<<<<
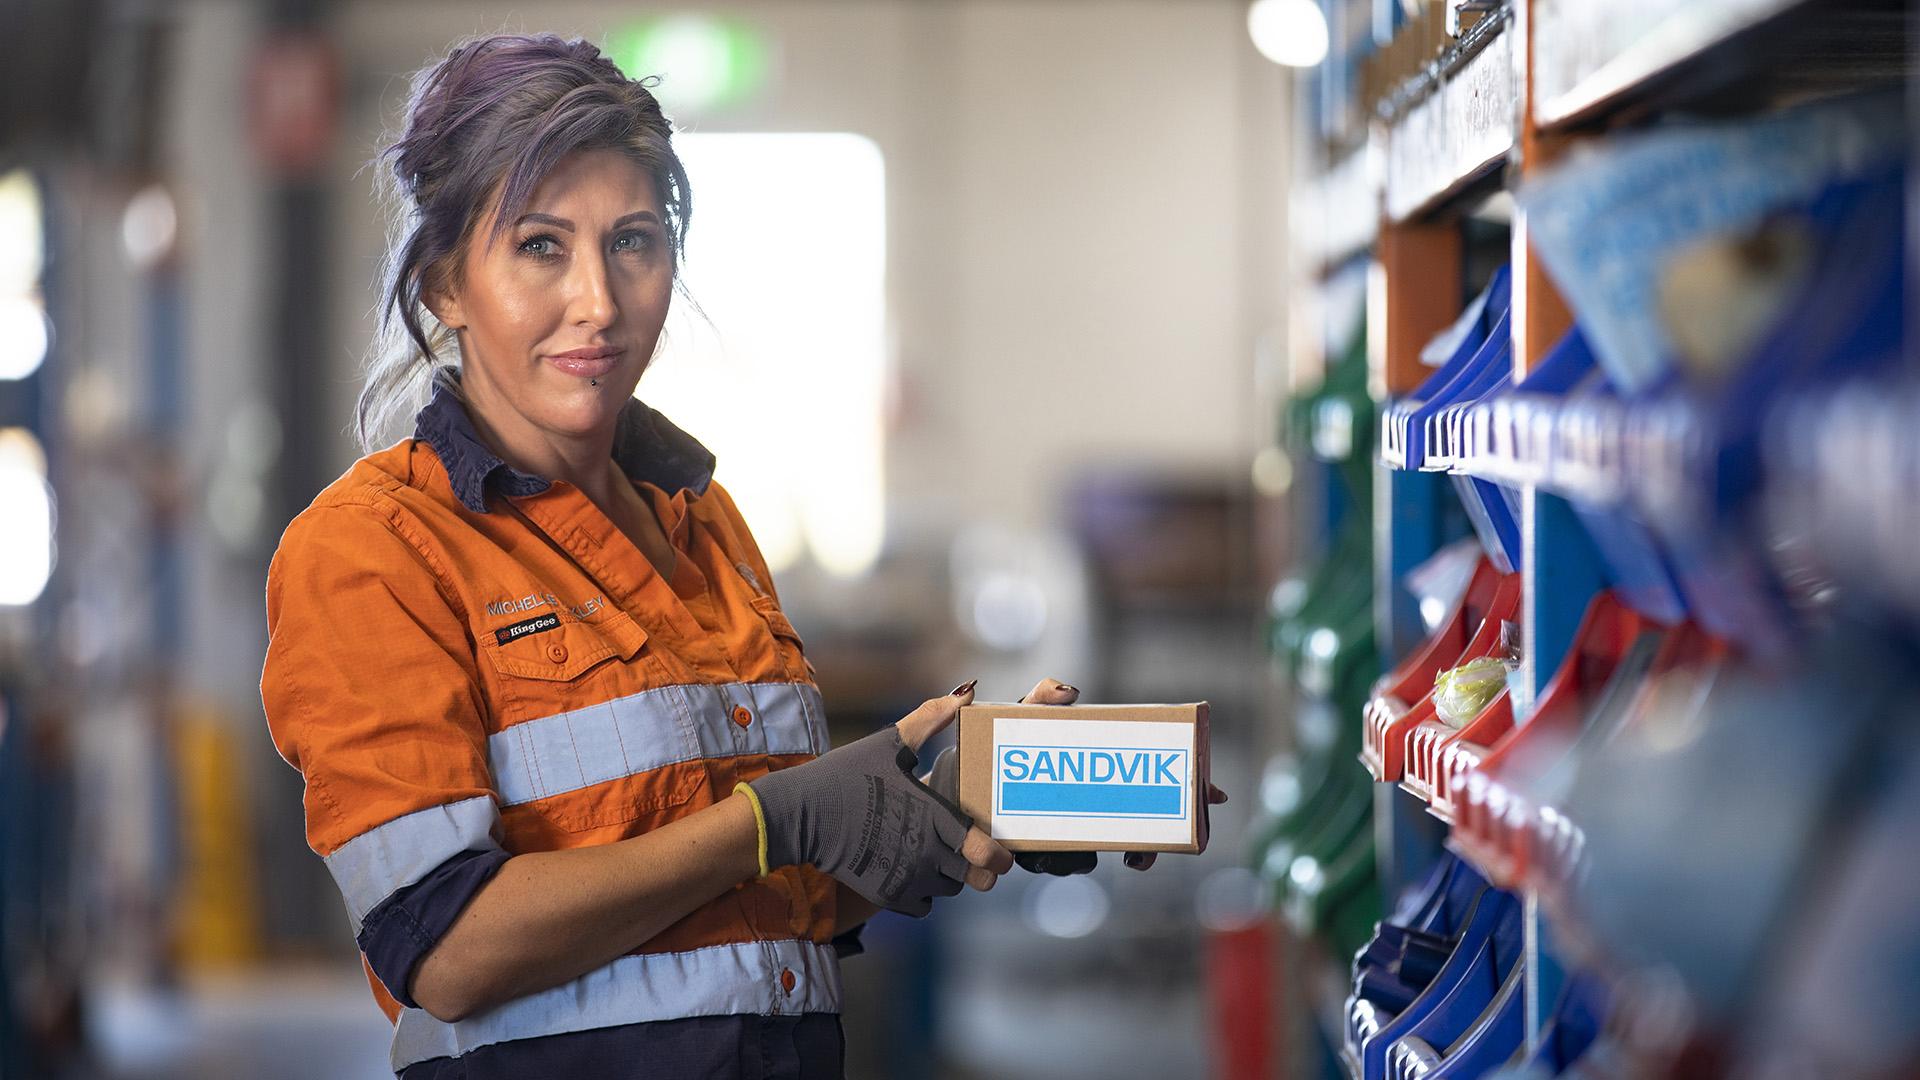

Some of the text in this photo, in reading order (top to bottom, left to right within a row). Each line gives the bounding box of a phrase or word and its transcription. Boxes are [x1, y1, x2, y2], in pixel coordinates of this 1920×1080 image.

[486, 593, 559, 617] MICHELLE
[510, 617, 557, 637] KingGee
[1003, 750, 1181, 784] SANDVIK
[847, 773, 875, 870] prosafetygear.com
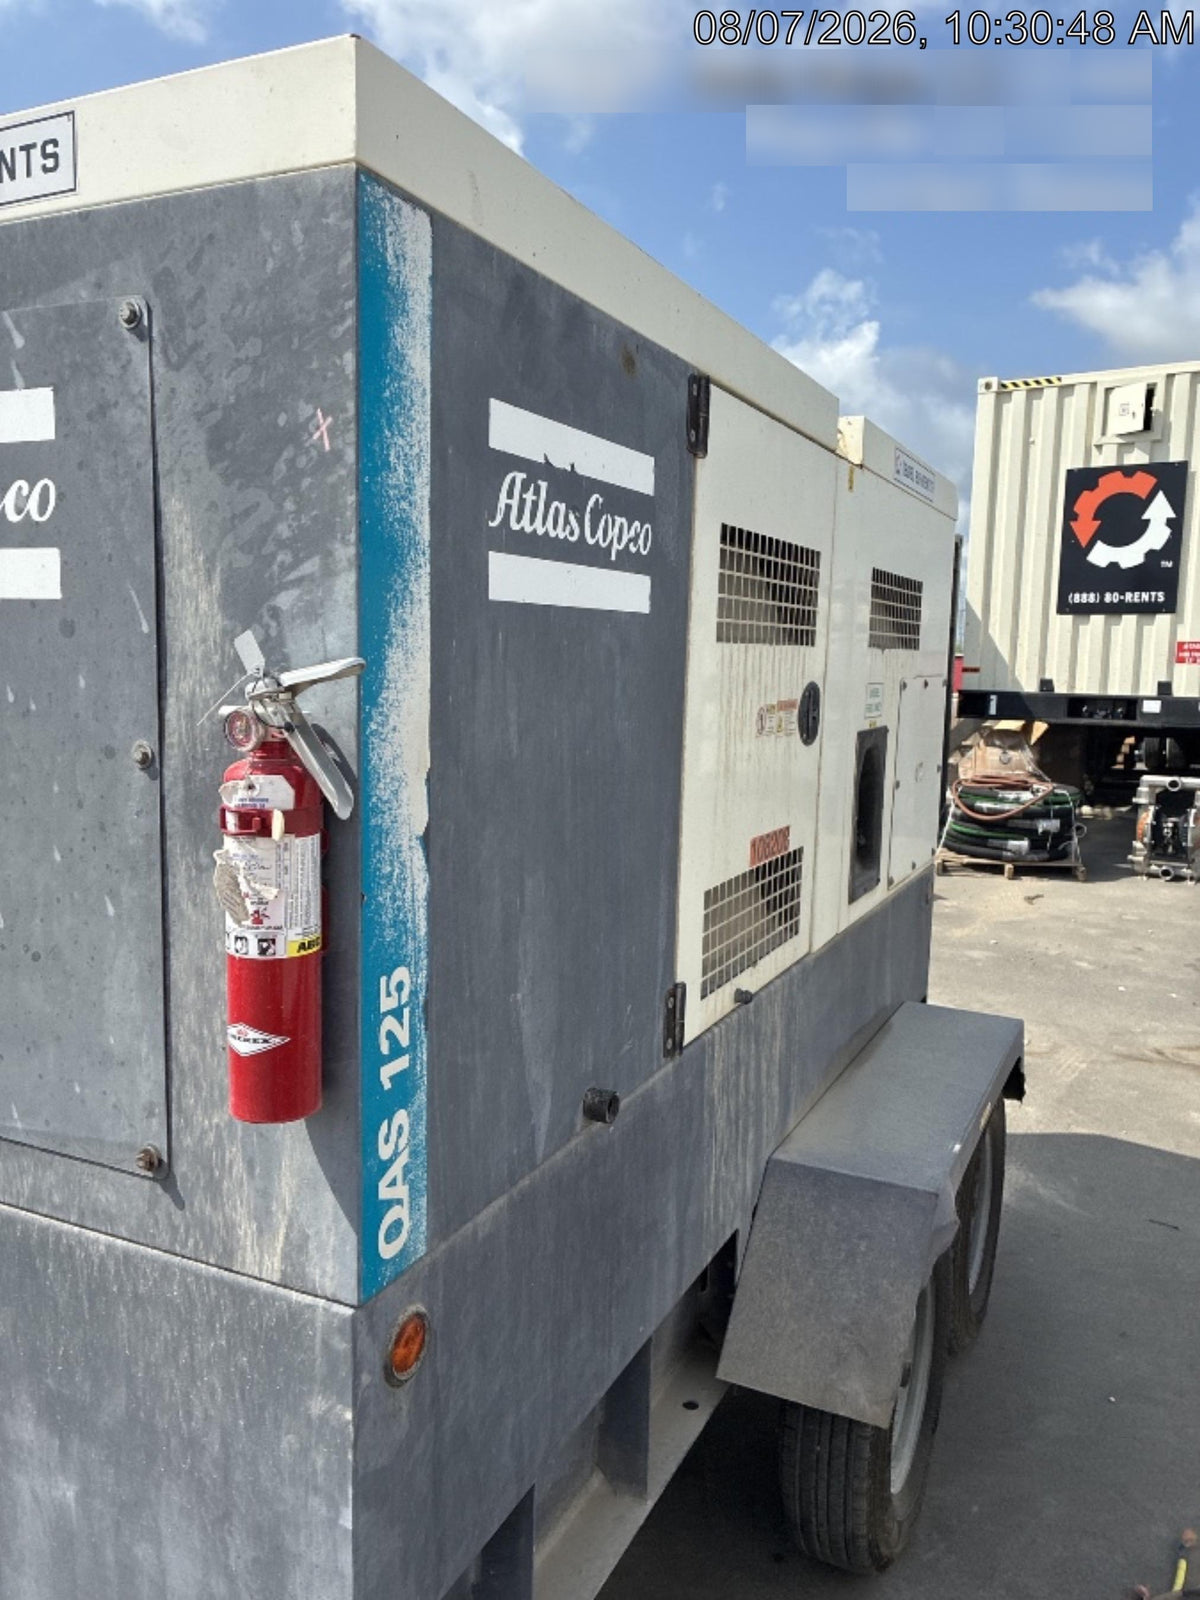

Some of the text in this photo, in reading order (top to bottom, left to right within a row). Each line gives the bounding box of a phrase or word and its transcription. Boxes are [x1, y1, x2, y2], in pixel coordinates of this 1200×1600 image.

[488, 471, 652, 561] Atlas Copco
[1068, 591, 1166, 604] (888) 80-RENTS
[378, 966, 411, 1259] QAS 125
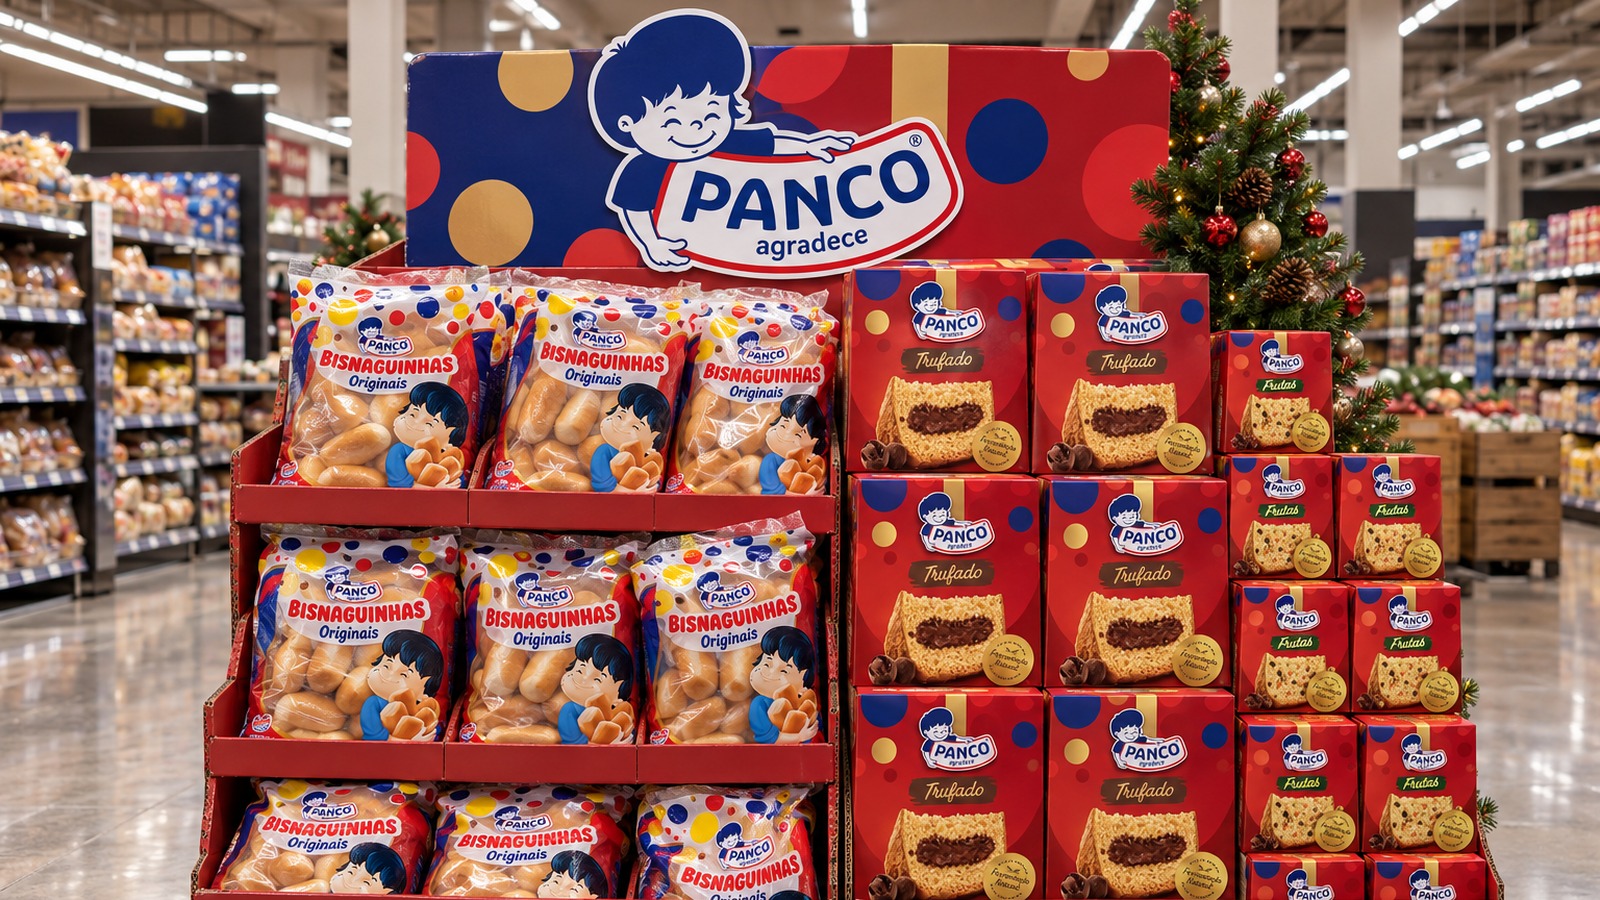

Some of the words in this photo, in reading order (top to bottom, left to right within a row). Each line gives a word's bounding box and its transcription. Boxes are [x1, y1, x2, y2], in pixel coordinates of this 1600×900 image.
>>>>
## Task
What is needed is an exact transcription of the lines from the one holding "this 1200×1600 image." to the end of the data, with every picture left out.

## Answer area
Some of the text in this photo, in reading order (top to bottom, left to right within a row). Each line gives the bounding box of a phrase or word and its transcription. Boxes are [x1, y1, x2, y2], in pixel coordinates of this 1200×1600 image.

[488, 471, 652, 561] Atlas Copco
[1068, 591, 1166, 604] (888) 80-RENTS
[378, 966, 411, 1259] QAS 125

Some of the words in this photo, in reading order (top to bottom, left to right within a row). Each line gives a word's bounding box and its transcription. Boxes are [x1, y1, x2, y2], in pixel coordinates of this 1600×900 image.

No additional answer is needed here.